OpenAI’s decision to move into custom hardware has wide-ranging implications for the AI ecosystem. It shows that leading AI firms are moving toward vertical integration, controlling every layer of the technology stack from data to software to silicon. Companies like Google, Amazon, and Meta have already invested in developing their own AI chips, and now OpenAI is joining that race.
Industry experts believe this partnership could gradually challenge Nvidia’s dominance in AI hardware, though that may take years. Nvidia’s stronghold lies not only in hardware but also in its mature software ecosystem, CUDA, libraries, and developer tools that competitors still struggle to match. Nevertheless, OpenAI’s collaboration with Broadcom represents a strategic move to carve out independence and reduce reliance on a single supplier.
Financial details of the deal have not been disclosed, but analysts estimate that scaling AI infrastructure to this level, 10 gigawatts of compute could require tens of billions of dollars in investment. Even so, OpenAI’s growing ecosystem, which includes partnerships with Microsoft, AMD, and Nvidia, provides the foundation needed to sustain this expansion.
This partnership goes beyond chips, it’s a statement about the future of AI innovation. By integrating hardware and software design, OpenAI hopes to build systems that are more powerful, energy-efficient, and tightly optimized for next-generation AI models. The move could also inspire a wave of AI-driven hardware design, where algorithms assist in every stage of creation, from architecture planning to physical layout.

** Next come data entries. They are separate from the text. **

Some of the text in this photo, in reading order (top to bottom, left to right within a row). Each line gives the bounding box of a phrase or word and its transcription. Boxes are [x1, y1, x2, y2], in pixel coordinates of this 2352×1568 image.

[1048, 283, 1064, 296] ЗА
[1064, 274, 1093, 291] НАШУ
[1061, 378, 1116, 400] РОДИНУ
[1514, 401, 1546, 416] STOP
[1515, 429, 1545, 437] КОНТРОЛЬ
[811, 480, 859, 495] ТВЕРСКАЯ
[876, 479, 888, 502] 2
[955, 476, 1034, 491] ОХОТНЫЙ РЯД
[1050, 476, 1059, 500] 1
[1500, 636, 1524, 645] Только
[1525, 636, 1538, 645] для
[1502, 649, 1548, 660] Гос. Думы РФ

However, challenges remain. Designing custom chips at scale is extremely complex, involving yield management, cooling, power distribution, and data center integration. There’s also the risk that rapid model evolution might outpace hardware development cycles. Despite these hurdles, OpenAI’s long-term commitment suggests confidence in its ability to innovate across both hardware and software.
This marks one of the boldest infrastructure expansions in OpenAI’s history, positioning the company as a true full-stack AI provider, one that not only builds intelligent systems but also the machines that power them.
OpenAI’s collaboration with Broadcom is more than a business deal. It’s a vision for the future of AI infrastructure. By combining Broadcom’s hardware expertise with OpenAI’s deep understanding of AI workloads, the partnership could redefine how AI systems are built and scaled. As AI demand continues to grow globally, this move gives OpenAI the flexibility, efficiency, and control it needs to stay ahead in the competitive landscape.
Whether these chips will eventually challenge Nvidia’s dominance remains to be seen, but one thing is certain: OpenAI is no longer just creating AI models, it’s building the foundation on which the next generation of artificial intelligence will run.